Last Thursday, I spent all afternoon grinding my car and denting my (used, unknown brand, 1 3/4") header tubes in order to make them fit onto my engine. The driver's side now clears by a mile; the passenger side is considerably tighter but only makes actual contact in the allowable direction (away from engine rock) so I thought I'd be okay. Today I went to install the gaskets and torque them onto the engine, only to learn the passenger side flat-out refuses to play nice. I have already beat the hell out of one or two down tubes, plus I have cut/ground off all the metal I dare from my control arm mount... and it's still a no-go. I need to find another way.

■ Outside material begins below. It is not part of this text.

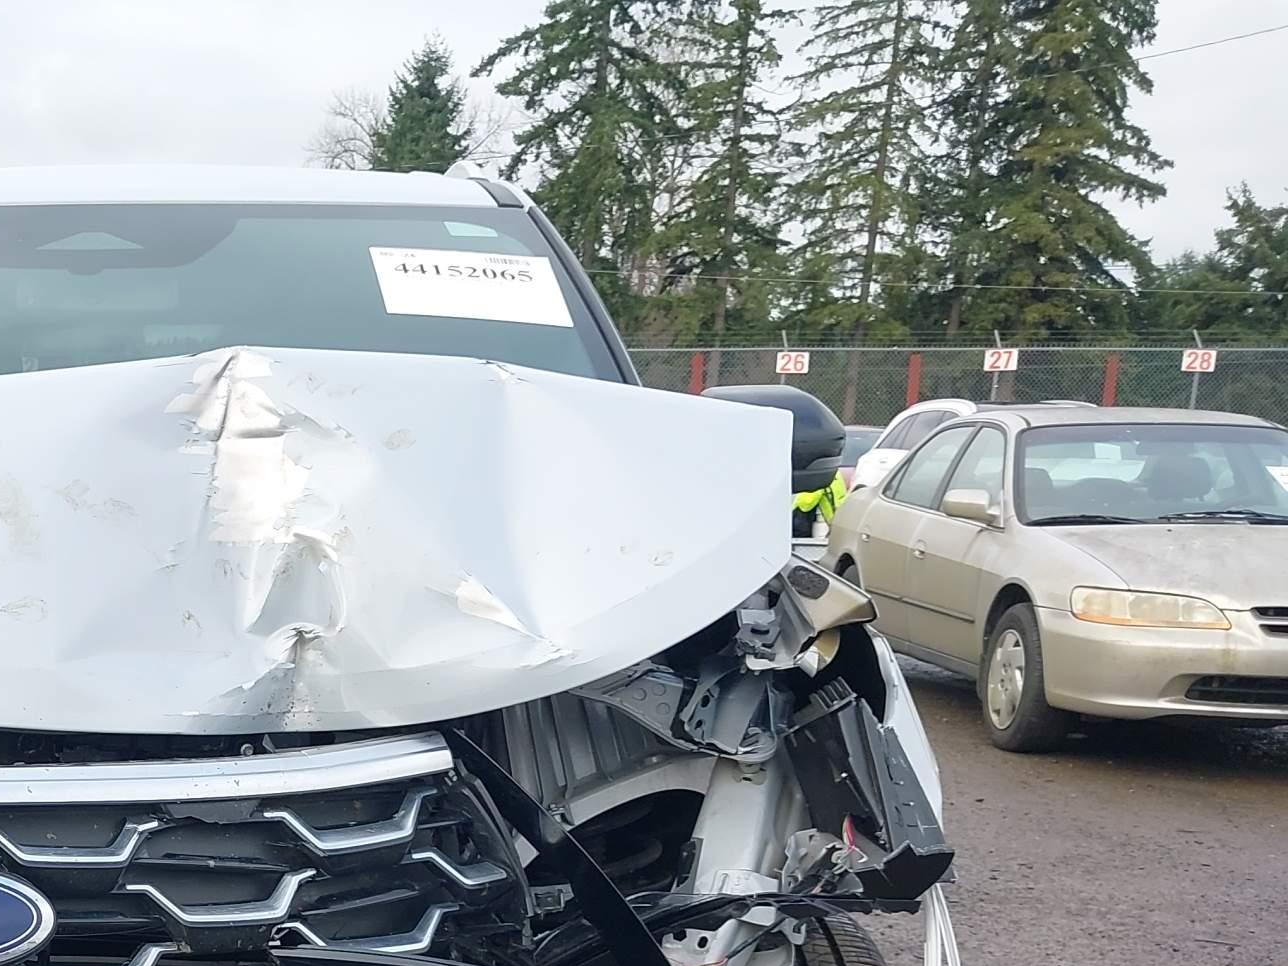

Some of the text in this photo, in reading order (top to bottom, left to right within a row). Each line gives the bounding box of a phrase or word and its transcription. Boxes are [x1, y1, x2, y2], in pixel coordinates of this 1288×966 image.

[394, 263, 534, 282] 44152065
[780, 354, 805, 371] 26
[989, 351, 1013, 369] 27
[1185, 351, 1212, 370] 28

Back to the drawing board, I began searching in this forum (and elsewhere). Some guys say to get the Hooker 2241s. I don't want those, for two main reasons: (1) they use slip tubes, and (2) they are very pricey. I also don't like that they use 2" primary tubes, which is overkill and a poor choice for my application.

I did also see numerous mentions of Hooker 2455s. I like that so many guys say they fit with little (or no) modification required--and the $199 price is certainly attractive--but I am turned off by the same 2" primary tubes as the 2241s. If I could find these headers with 1 3/4 tubes, I'd be all over it.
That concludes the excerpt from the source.